=== Exercise data ===

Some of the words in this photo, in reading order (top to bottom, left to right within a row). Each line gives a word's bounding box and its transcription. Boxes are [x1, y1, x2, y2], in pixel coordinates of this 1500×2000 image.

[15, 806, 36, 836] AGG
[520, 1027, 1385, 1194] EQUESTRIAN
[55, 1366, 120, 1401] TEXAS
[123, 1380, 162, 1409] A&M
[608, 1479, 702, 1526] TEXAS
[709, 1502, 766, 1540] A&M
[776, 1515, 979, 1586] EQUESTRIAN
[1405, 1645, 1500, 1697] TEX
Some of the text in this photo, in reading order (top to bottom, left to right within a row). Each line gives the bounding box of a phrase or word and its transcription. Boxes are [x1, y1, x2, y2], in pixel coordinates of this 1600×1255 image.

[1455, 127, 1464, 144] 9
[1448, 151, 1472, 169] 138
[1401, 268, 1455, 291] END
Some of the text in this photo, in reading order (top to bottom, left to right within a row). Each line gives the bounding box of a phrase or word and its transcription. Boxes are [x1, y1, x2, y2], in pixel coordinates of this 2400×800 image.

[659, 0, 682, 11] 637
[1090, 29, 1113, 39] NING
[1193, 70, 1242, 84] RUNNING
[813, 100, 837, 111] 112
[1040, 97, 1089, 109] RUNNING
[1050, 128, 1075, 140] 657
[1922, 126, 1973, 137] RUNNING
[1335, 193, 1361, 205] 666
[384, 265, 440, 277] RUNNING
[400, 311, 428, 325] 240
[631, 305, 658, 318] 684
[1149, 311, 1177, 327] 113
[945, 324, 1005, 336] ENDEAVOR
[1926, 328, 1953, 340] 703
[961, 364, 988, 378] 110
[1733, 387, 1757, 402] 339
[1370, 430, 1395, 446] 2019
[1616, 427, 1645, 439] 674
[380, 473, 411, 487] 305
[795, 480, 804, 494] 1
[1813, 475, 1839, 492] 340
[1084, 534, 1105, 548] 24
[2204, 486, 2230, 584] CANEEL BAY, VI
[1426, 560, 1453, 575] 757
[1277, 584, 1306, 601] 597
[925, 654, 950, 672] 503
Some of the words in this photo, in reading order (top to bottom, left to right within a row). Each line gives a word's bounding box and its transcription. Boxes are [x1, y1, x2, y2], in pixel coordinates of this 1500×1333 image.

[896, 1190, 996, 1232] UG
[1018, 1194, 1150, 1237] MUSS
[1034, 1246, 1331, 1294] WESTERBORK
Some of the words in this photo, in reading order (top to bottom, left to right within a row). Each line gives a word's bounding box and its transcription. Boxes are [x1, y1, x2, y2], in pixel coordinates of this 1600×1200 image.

===

# Work instruction
All entries are to be reproduced verbatim, with none omitted.

# Result for this task
Some of the words in this photo, in reading order (top to bottom, left to right within a row). Each line gives a word's bounding box and its transcription. Boxes are [x1, y1, x2, y2], in pixel coordinates of this 1500×2000 image.

[15, 806, 36, 836] AGG
[520, 1027, 1385, 1194] EQUESTRIAN
[55, 1366, 120, 1401] TEXAS
[123, 1380, 162, 1409] A&M
[608, 1479, 702, 1526] TEXAS
[709, 1502, 766, 1540] A&M
[776, 1515, 979, 1586] EQUESTRIAN
[1405, 1645, 1500, 1697] TEX
Some of the text in this photo, in reading order (top to bottom, left to right within a row). Each line gives the bounding box of a phrase or word and its transcription. Boxes are [x1, y1, x2, y2], in pixel coordinates of this 1600×1255 image.

[1455, 127, 1464, 144] 9
[1448, 151, 1472, 169] 138
[1401, 268, 1455, 291] END
Some of the text in this photo, in reading order (top to bottom, left to right within a row). Each line gives the bounding box of a phrase or word and its transcription. Boxes are [x1, y1, x2, y2], in pixel coordinates of this 2400×800 image.

[659, 0, 682, 11] 637
[1090, 29, 1113, 39] NING
[1193, 70, 1242, 84] RUNNING
[813, 100, 837, 111] 112
[1040, 97, 1089, 109] RUNNING
[1050, 128, 1075, 140] 657
[1922, 126, 1973, 137] RUNNING
[1335, 193, 1361, 205] 666
[384, 265, 440, 277] RUNNING
[400, 311, 428, 325] 240
[631, 305, 658, 318] 684
[1149, 311, 1177, 327] 113
[945, 324, 1005, 336] ENDEAVOR
[1926, 328, 1953, 340] 703
[961, 364, 988, 378] 110
[1733, 387, 1757, 402] 339
[1370, 430, 1395, 446] 2019
[1616, 427, 1645, 439] 674
[380, 473, 411, 487] 305
[795, 480, 804, 494] 1
[1813, 475, 1839, 492] 340
[1084, 534, 1105, 548] 24
[2204, 486, 2230, 584] CANEEL BAY, VI
[1426, 560, 1453, 575] 757
[1277, 584, 1306, 601] 597
[925, 654, 950, 672] 503
Some of the words in this photo, in reading order (top to bottom, left to right within a row). Each line gives a word's bounding box and its transcription. Boxes are [x1, y1, x2, y2], in pixel coordinates of this 1500×1333 image.

[896, 1190, 996, 1232] UG
[1018, 1194, 1150, 1237] MUSS
[1034, 1246, 1331, 1294] WESTERBORK
Some of the words in this photo, in reading order (top to bottom, left to right within a row). Each line gives a word's bounding box and its transcription. Boxes are [x1, y1, x2, y2], in pixel coordinates of this 1600×1200 image.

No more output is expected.